Given a triangle $\triangle$ ABC, with side lengths A,B,C and Corresponding angles $\alpha$,$\beta$,$c$. Prove that the following statement is true: $$Area(\triangle ABC)=\frac{1}{2}BC\sin(\alpha) \Rightarrow \sin(\alpha +\beta)=\sin(\alpha)\cos(\beta)+\sin(\beta)\cos(\alpha)$$

The Hint:

Compute the area of $\triangle$ABC is 2 different ways. You may use the usual area formula of a right triangle (it’s a special case of the formula you assume, anyway).

So I determined that "$\Rightarrow$" means that for all $\sin(\alpha +\beta)$, $\frac{1}{2}BC\sin(\alpha)$ must be true. So I can try to show that $\sin(\alpha +\beta)$ is a special case of $\frac{1}{2}BC\sin(\alpha)$.

And because of the hint.
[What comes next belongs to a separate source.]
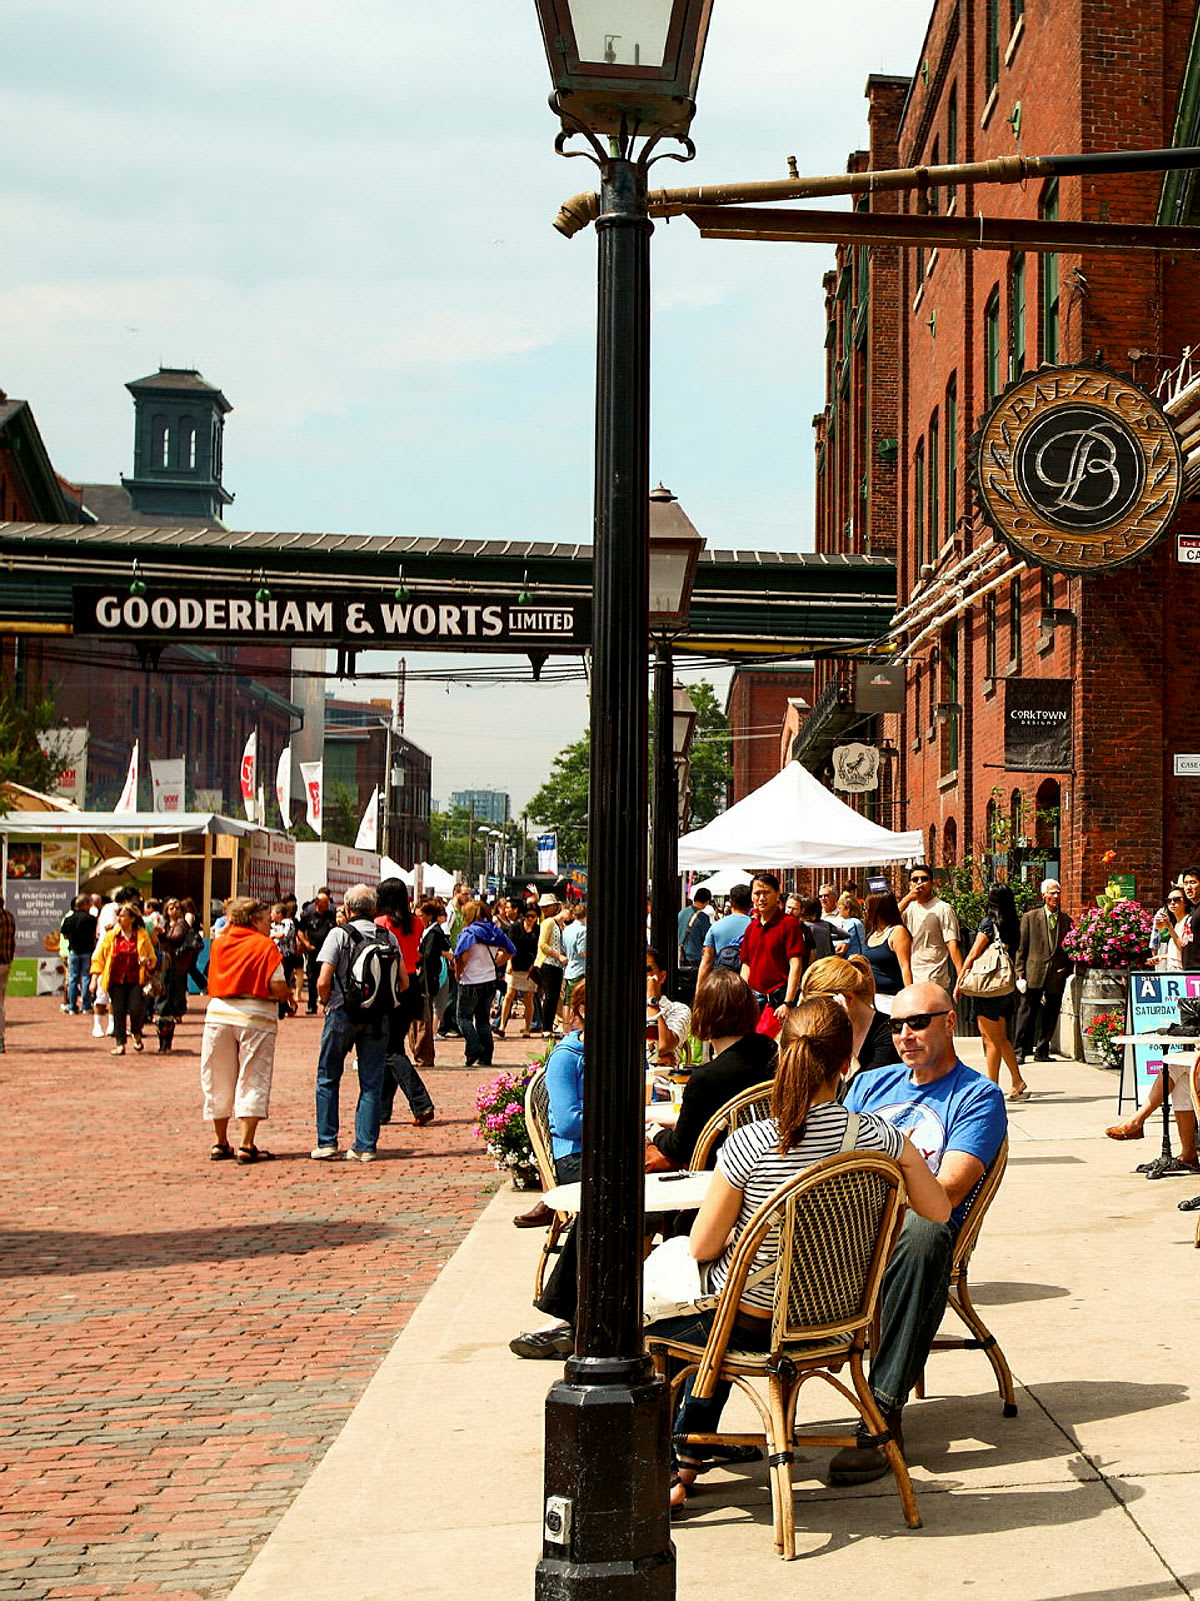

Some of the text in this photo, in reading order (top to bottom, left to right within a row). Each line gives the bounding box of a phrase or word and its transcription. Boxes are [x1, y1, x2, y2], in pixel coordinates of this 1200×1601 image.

I was inclined to set the angle $\alpha$ to 90. Thus, $$\frac{1}{2}BC(1)\Rightarrow(1)\cos(\beta)+\sin(\beta)(0)$$ $$\frac{1}{2}BC\Rightarrow \cos(\beta)$$ $$\frac{1}{2}BC\Rightarrow\frac{C}{A}$$

And I'm left with a statement that doesn't mean anything, and frankly looks wrong. I am also unsure how to use the first part of the hint. The only other method I know for solving area of triangle is Heron's Law, which doesn't seem to fit. But, If I somehow got those two equations to equal, would it even prove the relation? or am I working in the wrong direction.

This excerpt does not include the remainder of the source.